> Requirement
Locate the line that contains "this 2532×1170 image.". Copy it and every following line through the end of the records, exactly, and include nothing else.

Items from a data source

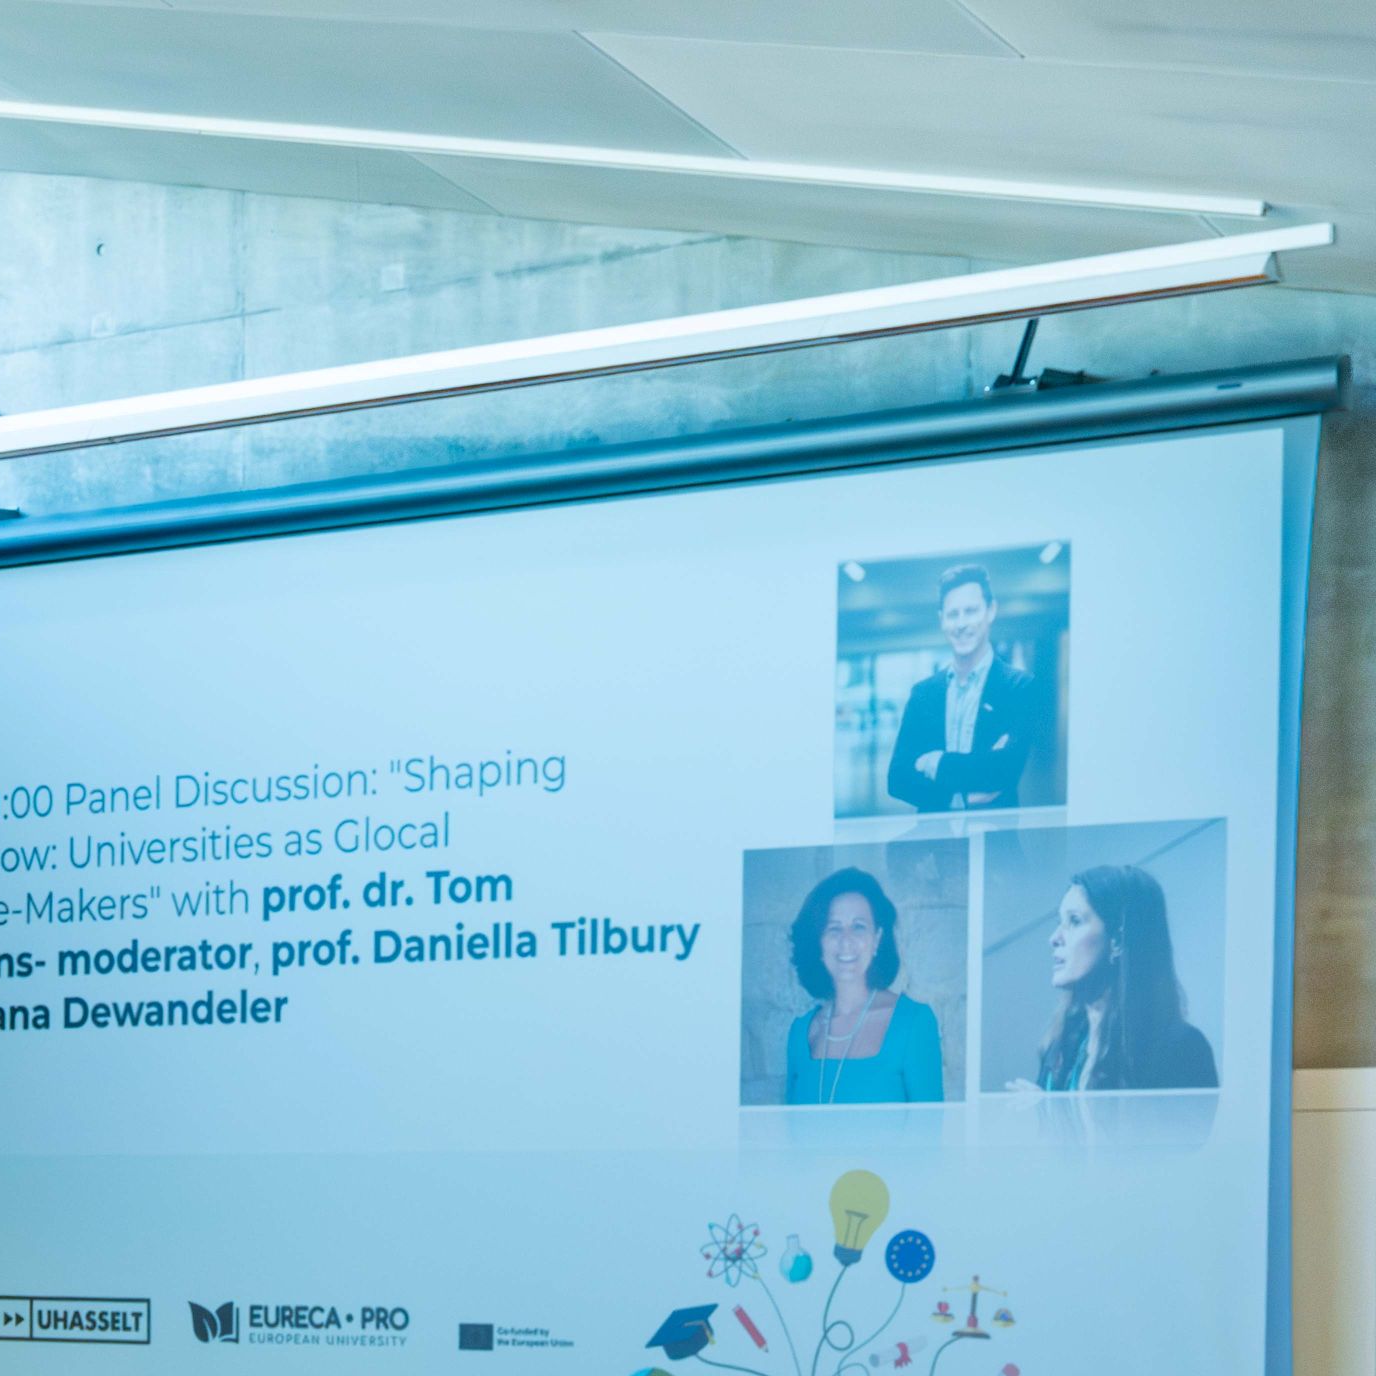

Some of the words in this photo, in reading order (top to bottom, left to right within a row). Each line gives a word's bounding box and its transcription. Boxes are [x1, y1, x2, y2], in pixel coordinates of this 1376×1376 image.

[66, 775, 160, 816] Panel
[175, 763, 377, 808] Discussion:
[390, 750, 566, 797] "Shaping
[69, 824, 273, 869] Universities
[284, 829, 323, 857] as
[334, 811, 449, 853] Glocal
[171, 879, 249, 917] with
[262, 873, 351, 922] prof.
[362, 871, 414, 908] dr.
[425, 869, 513, 905] Tom
[58, 938, 259, 977] moderator,
[272, 928, 360, 977] prof.
[373, 921, 537, 964] Daniella
[550, 916, 701, 962] Tilbury
[63, 988, 289, 1029] Dewandeler
[37, 1309, 143, 1332] UHASSELT
[249, 1305, 342, 1330] EURECA
[360, 1306, 410, 1331] PRO
[249, 1332, 320, 1346] EUROPEAN
[325, 1333, 408, 1347] UNIVERSITY
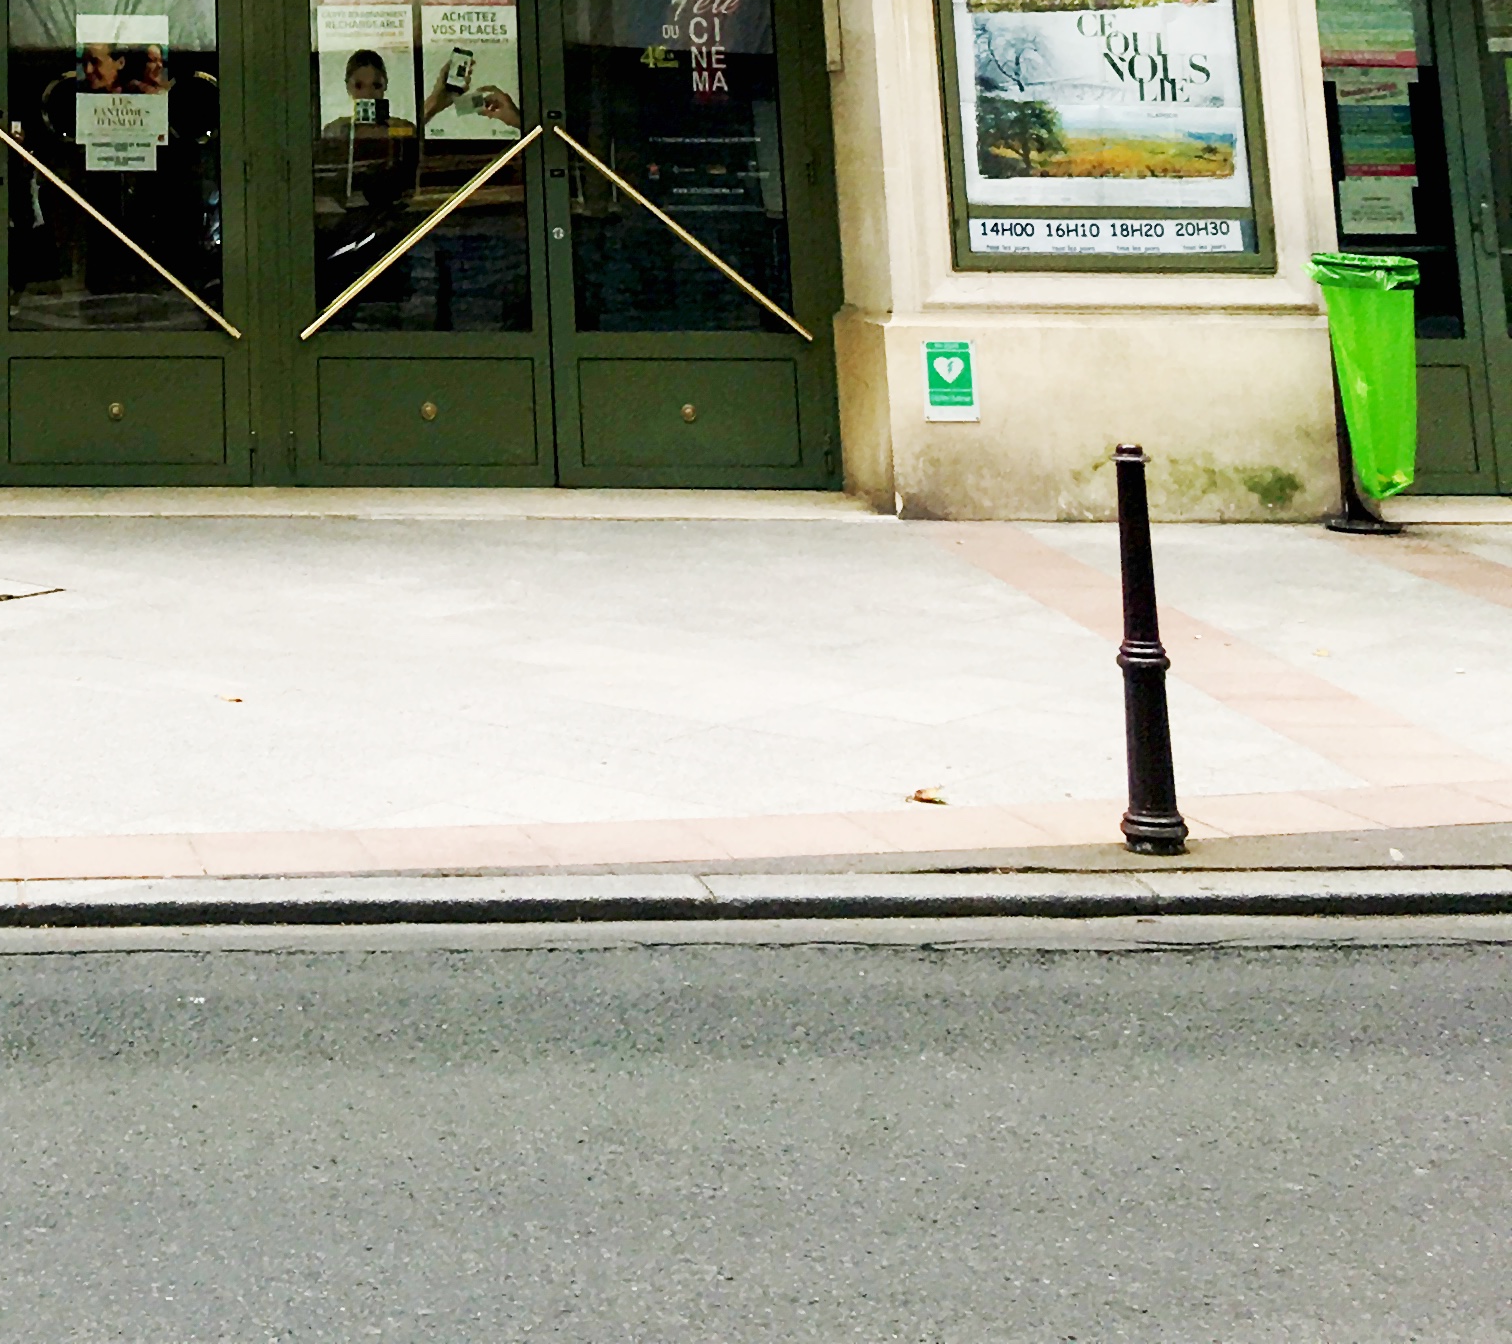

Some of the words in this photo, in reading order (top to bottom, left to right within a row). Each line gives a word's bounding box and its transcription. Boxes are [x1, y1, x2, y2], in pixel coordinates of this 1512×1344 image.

[441, 11, 496, 23] ACHETEZ
[431, 24, 457, 35] VOS
[459, 24, 508, 35] PLACES
[1105, 30, 1162, 62] QUI
[1099, 52, 1210, 84] NOUS
[981, 221, 1035, 237] 14H00
[1046, 222, 1100, 238] 16H10
[1110, 222, 1165, 238] 18H20
[1175, 220, 1230, 237] 20H30
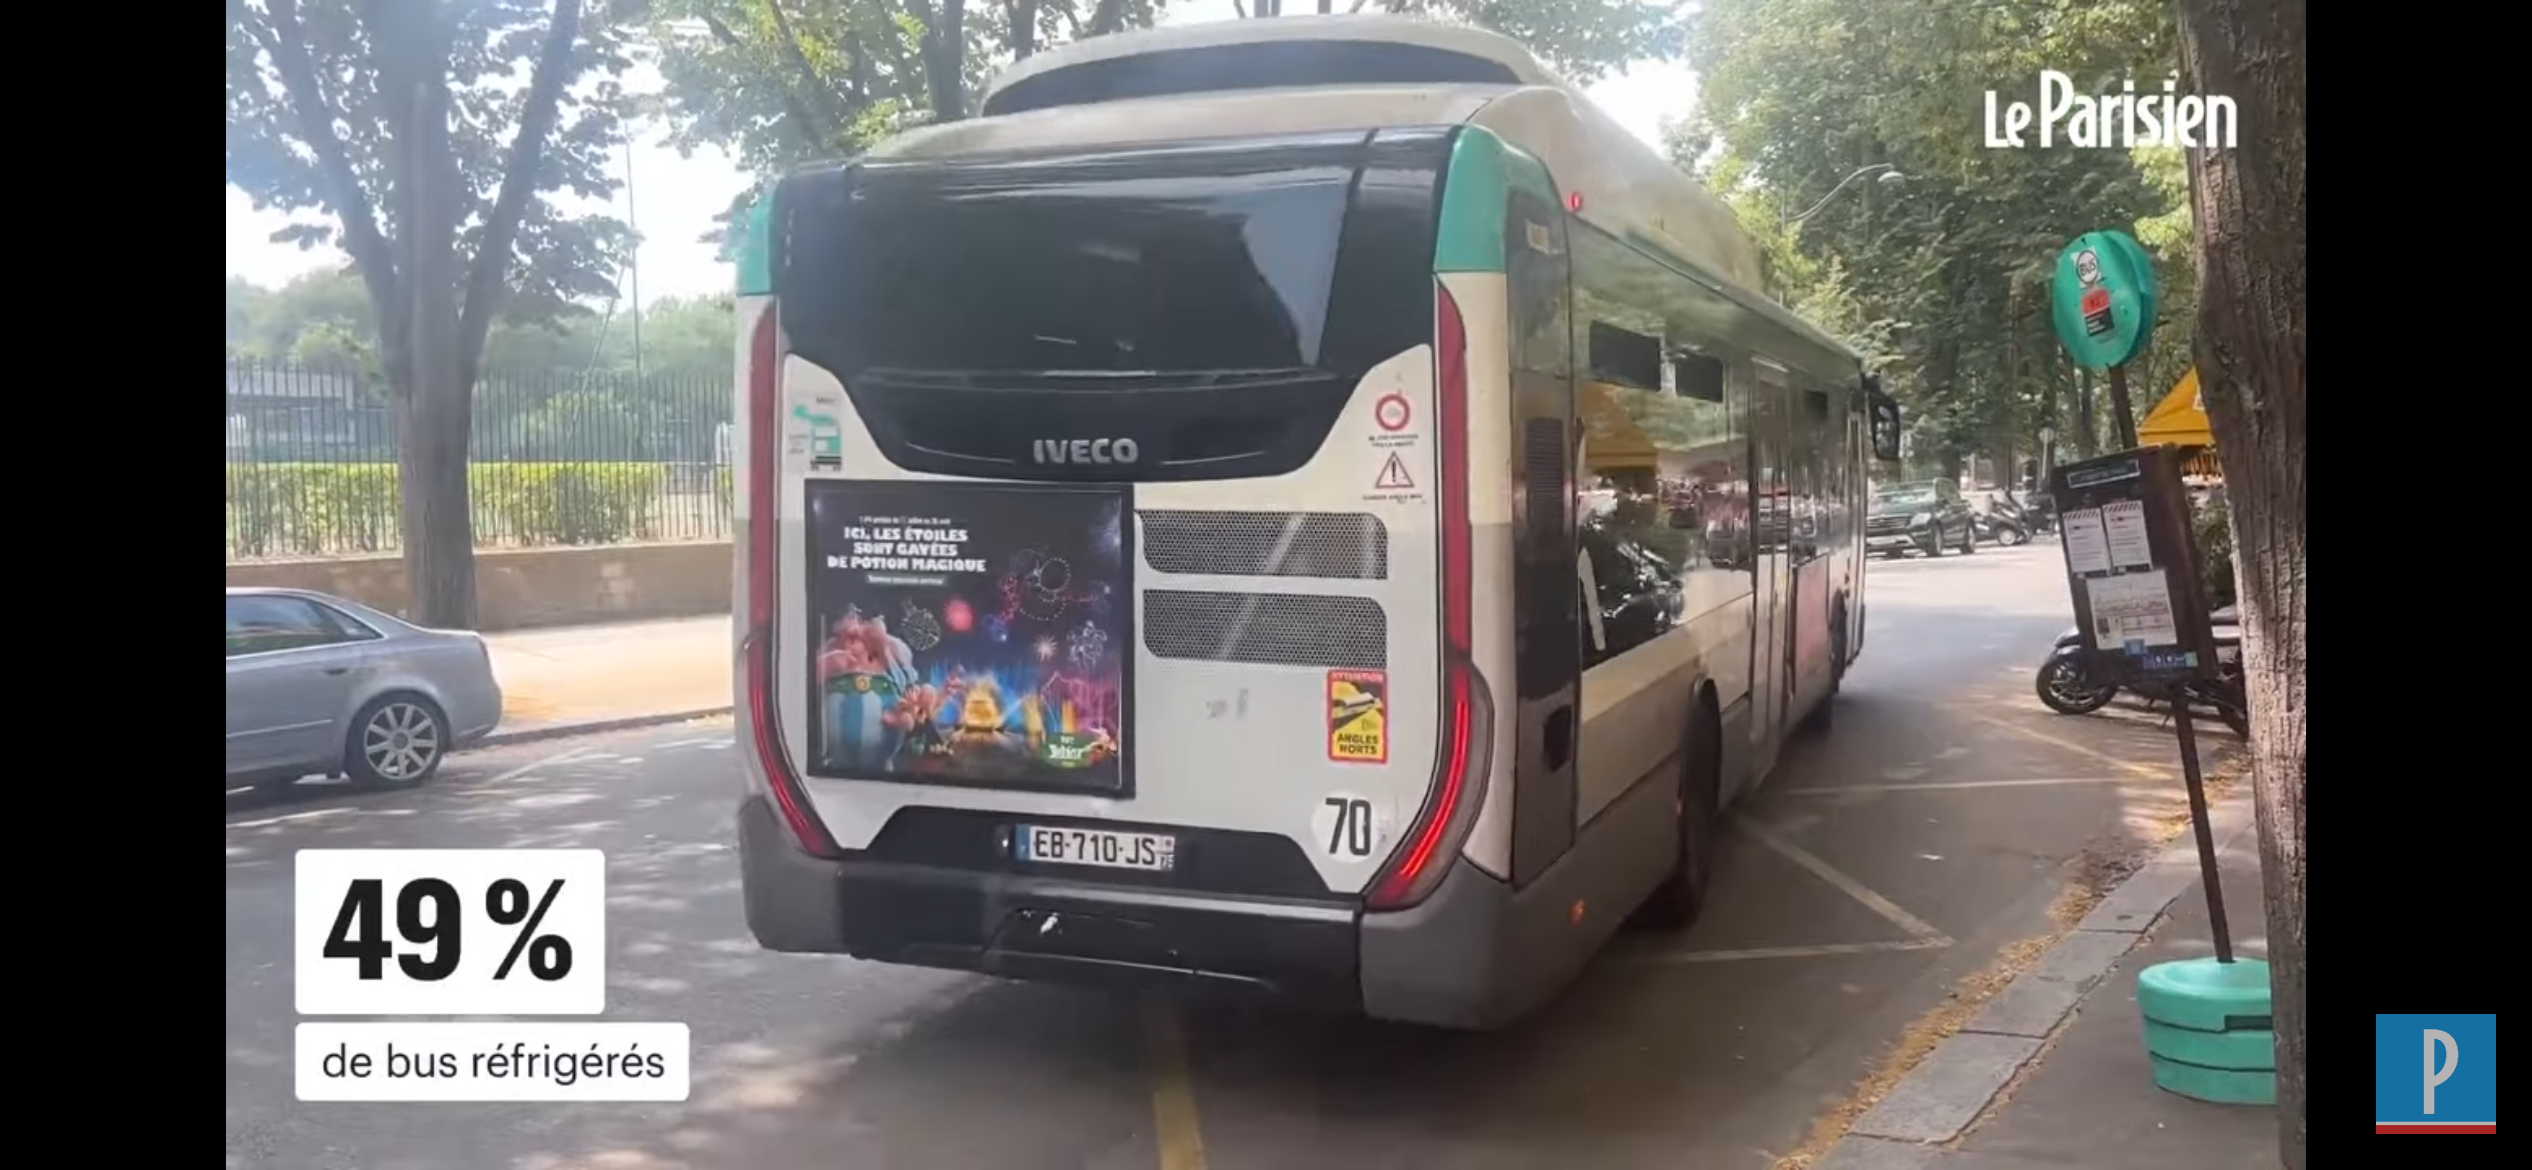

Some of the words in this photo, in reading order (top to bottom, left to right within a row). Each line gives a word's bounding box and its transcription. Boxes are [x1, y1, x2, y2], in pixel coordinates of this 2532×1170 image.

[1033, 438, 1139, 464] IVECO
[873, 527, 901, 541] LES
[904, 526, 968, 542] ÉTOILES
[853, 542, 893, 555] SONT
[827, 555, 848, 568] DE
[851, 556, 909, 570] POTION
[912, 558, 986, 573] MAGIQUE
[1337, 733, 1378, 745] ANGLES
[1339, 744, 1378, 755] MORTS
[1325, 797, 1371, 856] 70

> Exercise result
Some of the words in this photo, in reading order (top to bottom, left to right within a row). Each line gives a word's bounding box and its transcription. Boxes are [x1, y1, x2, y2], in pixel coordinates of this 2532×1170 image.

[1033, 438, 1139, 464] IVECO
[873, 527, 901, 541] LES
[904, 526, 968, 542] ÉTOILES
[853, 542, 893, 555] SONT
[827, 555, 848, 568] DE
[851, 556, 909, 570] POTION
[912, 558, 986, 573] MAGIQUE
[1337, 733, 1378, 745] ANGLES
[1339, 744, 1378, 755] MORTS
[1325, 797, 1371, 856] 70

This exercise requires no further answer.